* [WHAT YOU HAVE TO DO]
What is needed is the full set of records, word for word, with no pictures.

↓↓↓

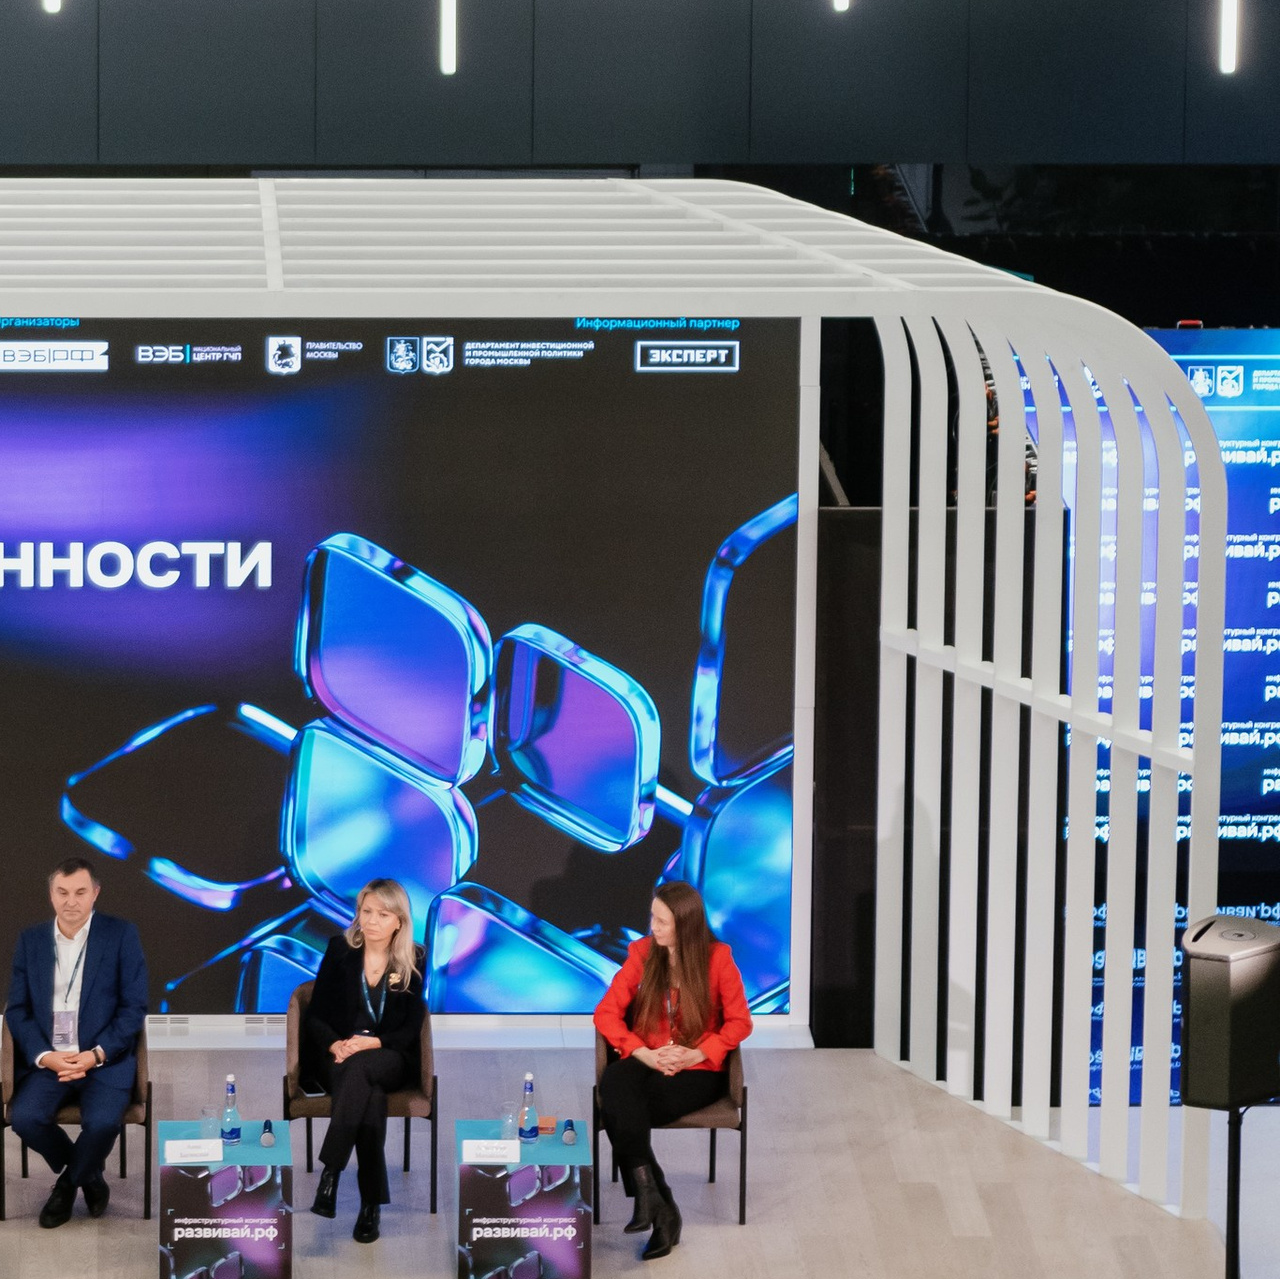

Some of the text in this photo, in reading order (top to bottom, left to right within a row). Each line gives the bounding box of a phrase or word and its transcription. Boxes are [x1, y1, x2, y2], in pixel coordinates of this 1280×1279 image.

[577, 317, 740, 331] Информационный партнер
[137, 345, 184, 362] ВЭБ
[649, 349, 729, 363] ЭКСПЕРТ
[174, 1225, 278, 1241] развивай.рф
[472, 1225, 577, 1241] развивай.рф

↑↑↑

* [ANSWER FOR THE TASK]
Some of the text in this photo, in reading order (top to bottom, left to right within a row). Each line gives the bounding box of a phrase or word and its transcription. Boxes are [x1, y1, x2, y2], in pixel coordinates of this 1280×1279 image.

[577, 317, 740, 331] Информационный партнер
[137, 345, 184, 362] ВЭБ
[649, 349, 729, 363] ЭКСПЕРТ
[174, 1225, 278, 1241] развивай.рф
[472, 1225, 577, 1241] развивай.рф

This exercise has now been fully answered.